Tracking and Treating Tuberculosis in Developing Countries
In rural Uganda, a patient is diagnosed with tuberculosis (TB), but never begins treatment. In Hanoi, Vietnam, someone with infectious TB might never be diagnosed because the health center where he or she would go to be tested is too far away. Adithya Cattamanchi, MD, a clinician at San Francisco General Hospital and Trauma Center (SFGH) and an assistant adjunct professor at the University of California San Francisco (UCSF) School of Medicine, states that, “Worldwide, only about half the number of TB cases that occur every year are actually detected and reported. Cattamanchi is addressing challenges in Uganda and Vietnam by using implementation science (ImS) techniques learned through the Training in Clinical Research program provided by UCSF's Clinical & Translational Science Institute (CTSI). ImS is focused on improving health by translating clinical findings into real-world interventions.

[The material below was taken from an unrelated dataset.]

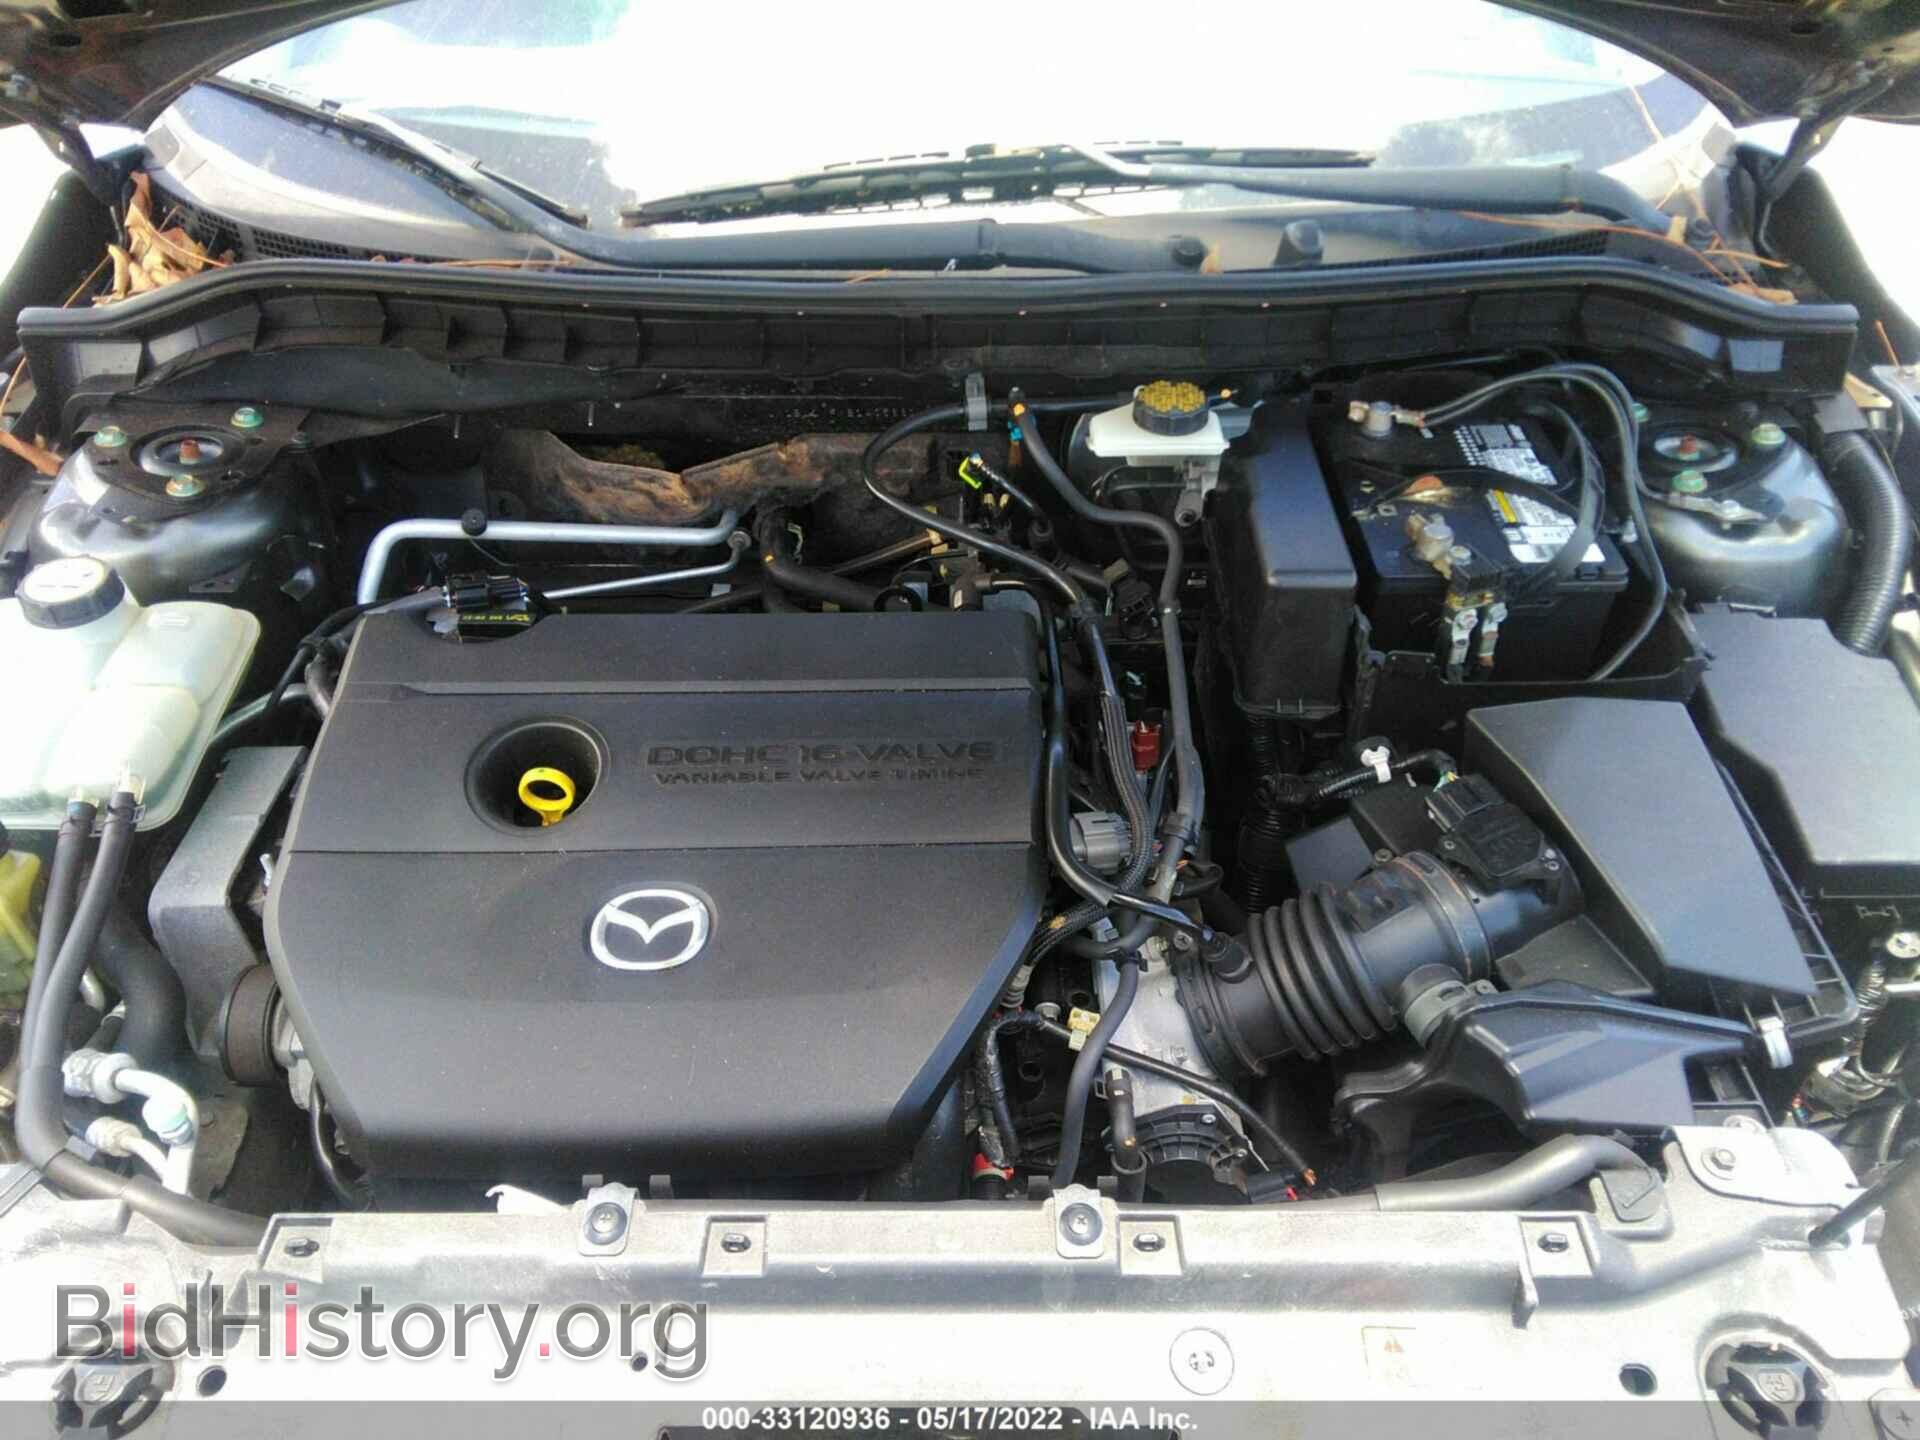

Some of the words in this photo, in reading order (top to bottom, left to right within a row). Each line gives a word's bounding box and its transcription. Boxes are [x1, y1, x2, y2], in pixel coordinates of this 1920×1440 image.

[648, 745, 787, 766] DOHC
[656, 770, 790, 784] VARIABLE
[800, 769, 881, 782] VALVE

The usual process for diagnosing TB in Uganda took three patient visits to a health clinic: the first provided a sputum sample; the second visit on the following day provided another sputum sample; on the third visit, the patient received the test results. If TB infection was confirmed, the patient began treatment. The problem was that in developing countries such as Uganda, up to 50 percent of all patients never returned to the health center after the first visit. They either could not afford to take the time to return the next day with their second specimen, or they lived too far away from the health center. To make the process more convenient for patients to complete testing and, if needed, begin treatment in one visit, Cattamanchi’s team devised the idea of collecting only one specimen and making two smears on two different slides. They achieved the same level of sensitivity as the traditional method, but in a single visit. Cattamanchi and his team are now testing several interventions in six Ugandan health centers to improve the quality of TB diagnosis and treatment: same-day microscopy; the replacement of traditional light microscopes with LED microscopes; and an intervention in which researchers provide monthly report cards to clinic workers summarizing performance on quality indicators of TB evaluation. Sara Ackerman, PhD, MPH, a medical anthropologist and the ImS program coordinator, states that Cattamanchi’s work is “about tailoring research methods to the problem and then designing interventions that will bring about meaningful change—not just in individual behavior, but in communities, resources, and organizations.”

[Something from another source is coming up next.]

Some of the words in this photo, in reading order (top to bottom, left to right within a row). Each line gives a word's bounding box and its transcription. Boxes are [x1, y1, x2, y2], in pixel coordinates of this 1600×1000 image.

Cattamanchi and his team are also using technology in health interventions. While the majority of people in Hanoi have access to neighborhood health outposts, TB testing is only offered at district health centers. Cattamanchi is working with a Hanoi team to test a cell-phone-based LED microscope that will decentralize the process of diagnosis. He explains that the “health post worker collects the specimen, makes the smear, takes pictures of it with the microscope, and sends the images over the wireless network to the microscopist at the district health center, who reads the images and sends a text message with the results.” He adds that remote microscopy could potentially be used throughout the developing world where wireless telecommunications networks are becoming more prevalent. Cattamanchi and his team are also testing the impact of replacing traditional microscopy at the district health center level with a more sensitive and automated test called GeneXpert, which identifies TB bacilli by their DNA. Previously, only national laboratories could perform this type of test in a developing country. Cattamanchi says that the training he has received in ImS has been “essential to his work,” particularly in regard to qualitative research methods, in the design of less costly studies that are still scientifically accurate, and in writing the rather specialized grants for this work.